The Special Investigations Unit (SIU) says two officers fired their stun guns and one officer fired a handgun.

Krupka was brought to hospital and treated for her wound, while her partner was detained for the night by police.

She also said Peel Regional Police charged her with crimes two weeks after the incident took place.

“I believe that the charges against Michael and myself were laid in an attempt to paint us as criminals and create an after-the-fact justification for the excessive use of force against us,” Krupka said in a statement issued through her lawyer last month. “Even if there were any merit to the charges, which we absolutely deny, the use of force was excessive and outrageously abusive. We did not deserve to be Tasered. I did not deserve to be shot.”

Peel Regional Police allege they seized four pounds of marijuana inside Krupka's home after she was shot. Krupka said the cannabis was for legal use.

On Thursday, the SIU said it determined charges were warranted in this case.

“The Director of the Special Investigations Unit (SIU), Joseph Martino, has reasonable grounds to believe that a former Peel Regional Police (PRP) officer committed criminal offences.”

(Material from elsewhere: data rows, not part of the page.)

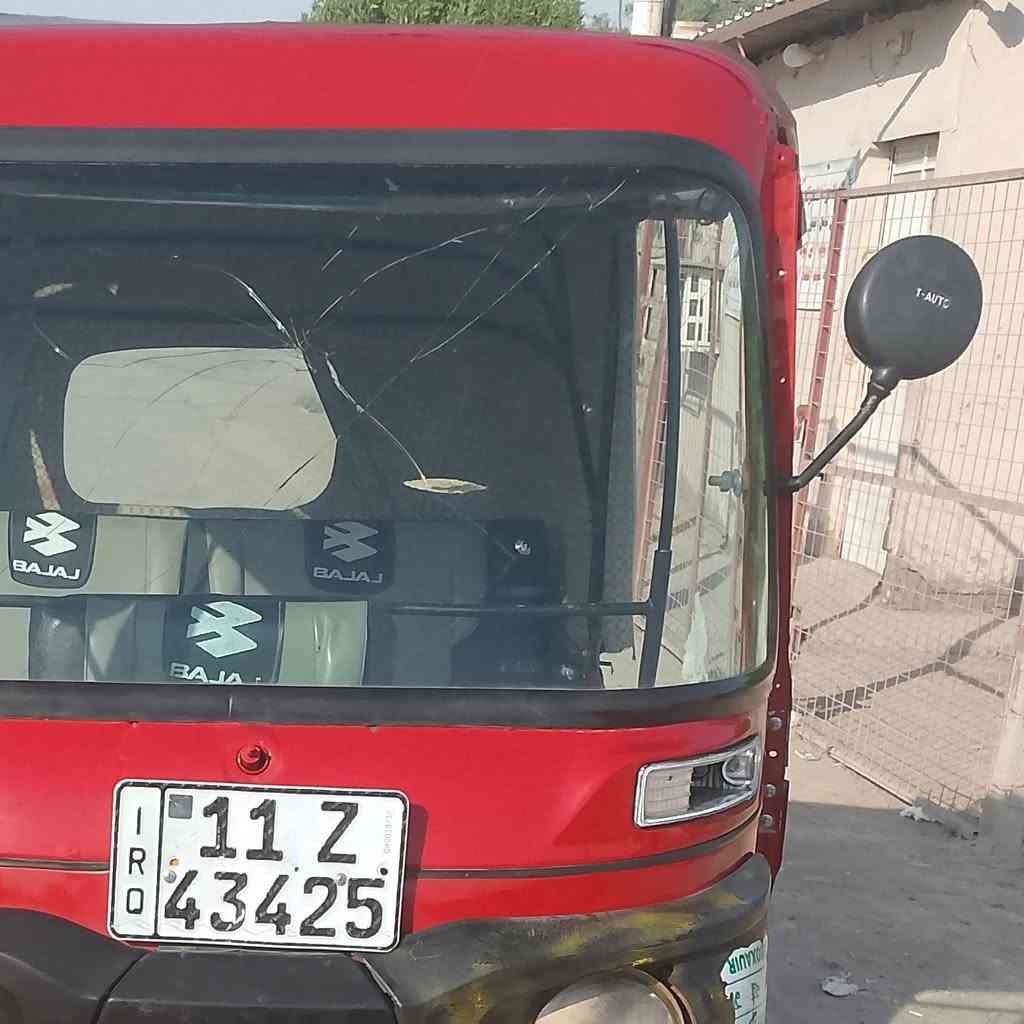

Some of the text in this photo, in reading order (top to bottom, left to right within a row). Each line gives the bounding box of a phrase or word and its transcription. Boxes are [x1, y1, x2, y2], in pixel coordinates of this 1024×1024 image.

[12, 559, 81, 580] BAJAJ
[313, 566, 384, 584] BAJAJ
[199, 796, 284, 861] 11
[317, 800, 360, 864] Z
[163, 869, 386, 939] 43425

They identified the constable, who since the incident resigned from the Peel Regional Police Service, as Valerie Briffa.

She was charged with criminal negligence causing bodily harm, assault with a weapon and careless use of a firearm.

She was brought to SIU offices today and released on a promise to appear in court in Brampton on Aug. 4.

She is also prohibited from being near or speaking to witnesses of the incident and cannot possess firearms as defined by the Criminal Code.